Chapter 10. Can We Mobilize Fast Enough?: A Wartime Mobilization

The U.S. entry into World War II offers an inspiring case study in rapid mobilization. Mobilizing to save civilization both parallels and contrasts with this earlier mobilization. For the war, the United States underwent a massive economic restructuring, but it was only intended to be temporary. Mobilizing to save civilization, in contrast, requires an economic restructuring that will endure.

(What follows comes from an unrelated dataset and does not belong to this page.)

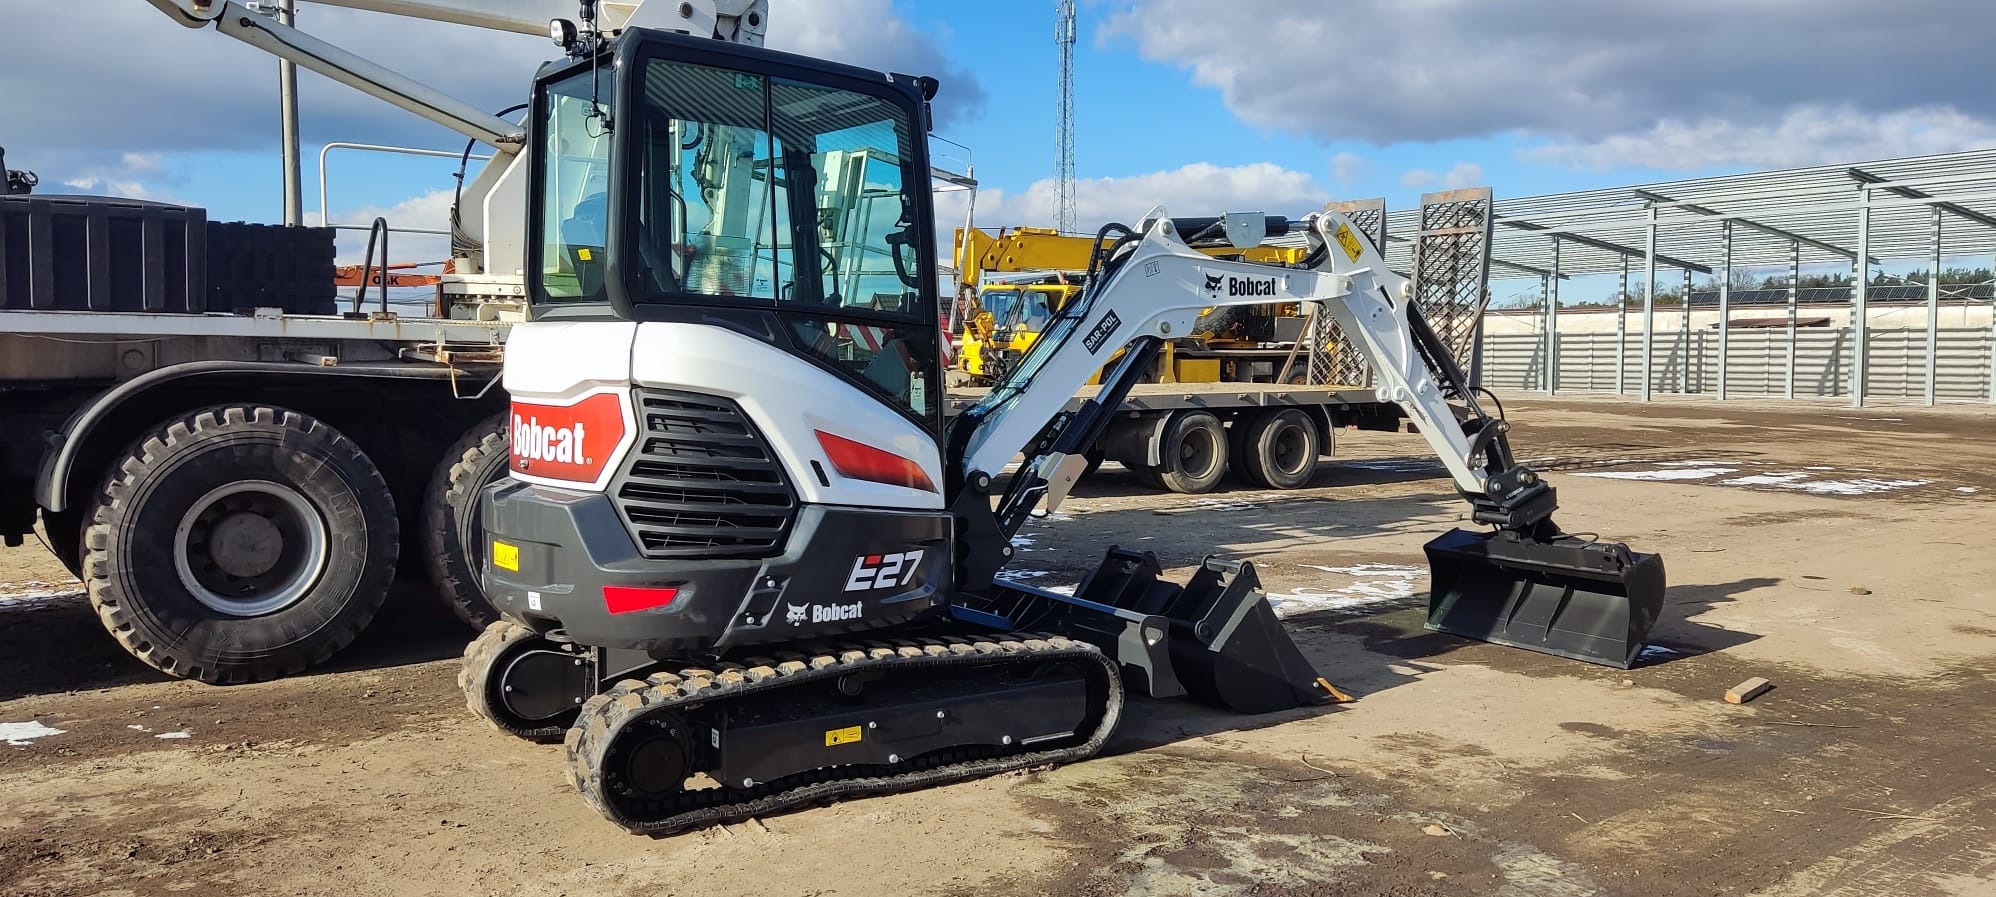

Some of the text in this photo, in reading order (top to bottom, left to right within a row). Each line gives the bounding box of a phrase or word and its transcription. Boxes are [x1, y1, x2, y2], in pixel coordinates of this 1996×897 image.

Initially, the United States resisted involvement in the war and responded only after it was directly attacked at Pearl Harbor on December 7, 1941. But respond it did. After an all-out commitment, the U.S. engagement helped turn the tide of war, leading the Allied Forces to victory within three-and-a-half years. 54

In his State of the Union address on January 6, 1942, one month after the bombing of Pearl Harbor, President Franklin D. Roosevelt announced the country’s arms production goals. The United States, he said, was planning to produce 45,000 tanks, 60,000 planes, 20,000 anti-aircraft guns, and several thousand ships. He added, “Let no man say it cannot be done.” 55

No one had ever seen such huge arms production numbers. Public skepticism was widespread. But Roosevelt and his colleagues realized that the world’s largest concentration of industrial power at that time was in the U.S. automobile industry. Even during the Depression, the United States was producing 3 million or more cars a year. After his State of the Union address, Roosevelt met with auto industry leaders and told them that the country would rely heavily on them to reach these arms production goals. Initially they wanted to continue making cars and simply add on the production of armaments. What they did not yet know was that the sale of new cars would soon be banned. From early February 1942 through the end of 1944, nearly three years, essentially no cars were produced in the United States. 56

In addition to a ban on the production and sale of cars for private use, residential and highway construction was halted, and driving for pleasure was banned. Strategic goods—including tires, gasoline, fuel oil, and sugar—were rationed beginning in 1942. Cutting back on private consumption of these goods freed up material resources that were vital to the war effort. 57

The year 1942 witnessed the greatest expansion of industrial output in the nation’s history—all for military use. Wartime aircraft needs were enormous. They included not only fighters, bombers, and reconnaissance planes, but also the troop and cargo transports needed to fight a war on distant fronts. From the beginning of 1942 through 1944, the United States far exceeded the initial goal of 60,000 planes, turning out a staggering 229,600 aircraft, a fleet so vast it is hard today to even visualize it. Equally impressive, by the end of the war more than 5,000 ships were added to the 1,000 or so that made up the American Merchant Fleet in 1939. 58

In her book No Ordinary Time, Doris Kearns Goodwin describes how various firms converted. A sparkplug factory was among the first to switch to the production of machine guns. Soon a manufacturer of stoves was producing lifeboats. A merry-go-round factory was making gun mounts; a toy company was turning out compasses; a corset manufacturer was producing grenade belts; and a pinball machine plant began to make armor-piercing shells. 59

In retrospect, the speed of this conversion from a peacetime to a wartime economy is stunning. The harnessing of U.S. industrial power tipped the scales decisively toward the Allied Forces, reversing the tide of war. Germany and Japan, already fully extended, could not counter this effort. British Prime Minister Winston Churchill often quoted his foreign secretary, Sir Edward Grey: “The United States is like a giant boiler. Once the fire is lighted under it, there is no limit to the power it can generate.” 60

This mobilization of resources within a matter of months demonstrates that a country and, indeed, the world can restructure the economy quickly if convinced of the need to do so. Many people—although not yet the majority—are already convinced of the need for a wholesale economic restructuring. The purpose of this book is to convince more people of this need, helping to tip the balance toward the forces of change and hope.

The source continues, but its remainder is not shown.